> **WHAT YOU WILL DO**: Leaving out the pictures, reproduce each record exactly and in full.

(Collected data)
********
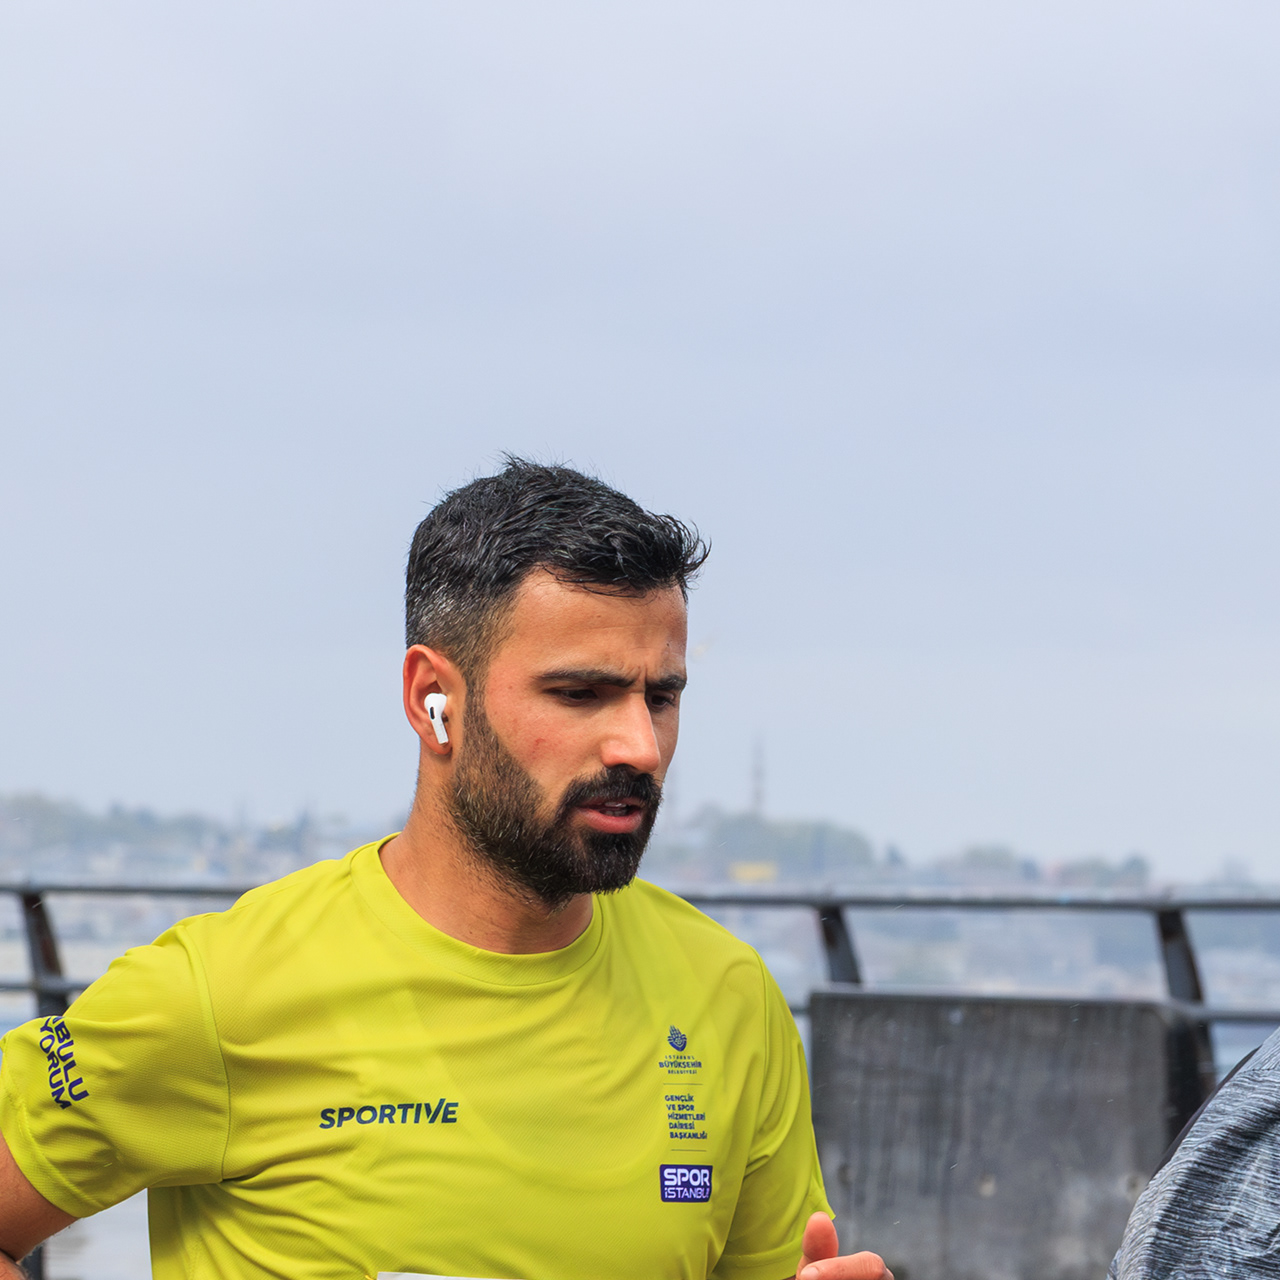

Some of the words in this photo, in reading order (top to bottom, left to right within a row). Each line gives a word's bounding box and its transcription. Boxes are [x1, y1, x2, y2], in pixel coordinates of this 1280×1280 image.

[52, 1016, 90, 1102] BULU
[318, 1098, 460, 1130] SPORTIVE
[663, 1168, 710, 1187] SPOR
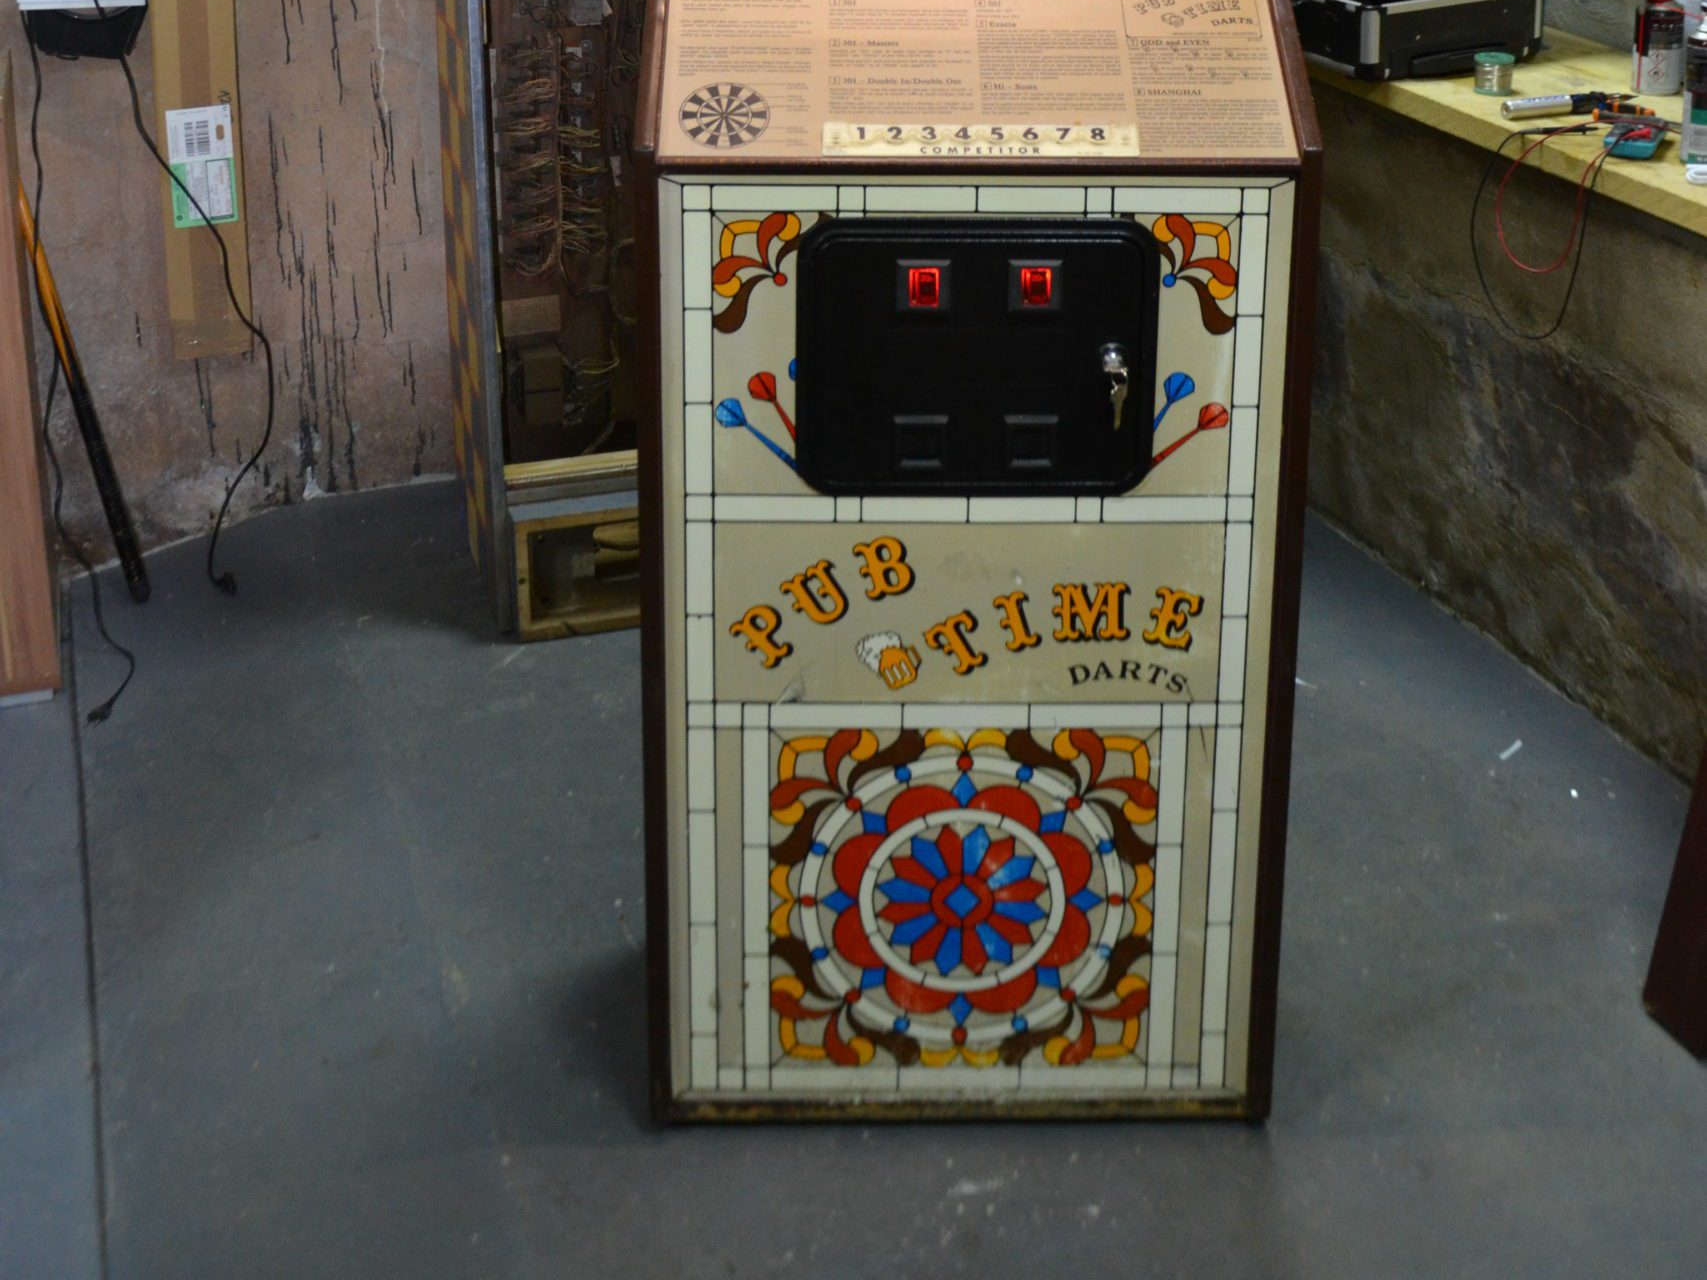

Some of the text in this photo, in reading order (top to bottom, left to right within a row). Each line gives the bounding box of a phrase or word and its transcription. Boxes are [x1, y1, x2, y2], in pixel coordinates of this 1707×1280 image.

[1183, 0, 1241, 19] TIME
[1211, 16, 1254, 27] DARTS
[1183, 39, 1210, 47] EVEN
[857, 126, 1105, 141] 1 2 3 4 5 6 7 8
[920, 146, 1040, 154] COMPETITOR
[730, 535, 1205, 677] PUB TIME
[1070, 660, 1189, 694] DARTS
********
> **ANSWER BOX**:
Some of the words in this photo, in reading order (top to bottom, left to right within a row). Each line gives a word's bounding box and its transcription. Boxes are [x1, y1, x2, y2], in pixel coordinates of this 1280×1280 image.

[52, 1016, 90, 1102] BULU
[318, 1098, 460, 1130] SPORTIVE
[663, 1168, 710, 1187] SPOR

Some of the text in this photo, in reading order (top to bottom, left to right within a row). Each line gives the bounding box of a phrase or word and its transcription. Boxes are [x1, y1, x2, y2], in pixel coordinates of this 1707×1280 image.

[1183, 0, 1241, 19] TIME
[1211, 16, 1254, 27] DARTS
[1183, 39, 1210, 47] EVEN
[857, 126, 1105, 141] 1 2 3 4 5 6 7 8
[920, 146, 1040, 154] COMPETITOR
[730, 535, 1205, 677] PUB TIME
[1070, 660, 1189, 694] DARTS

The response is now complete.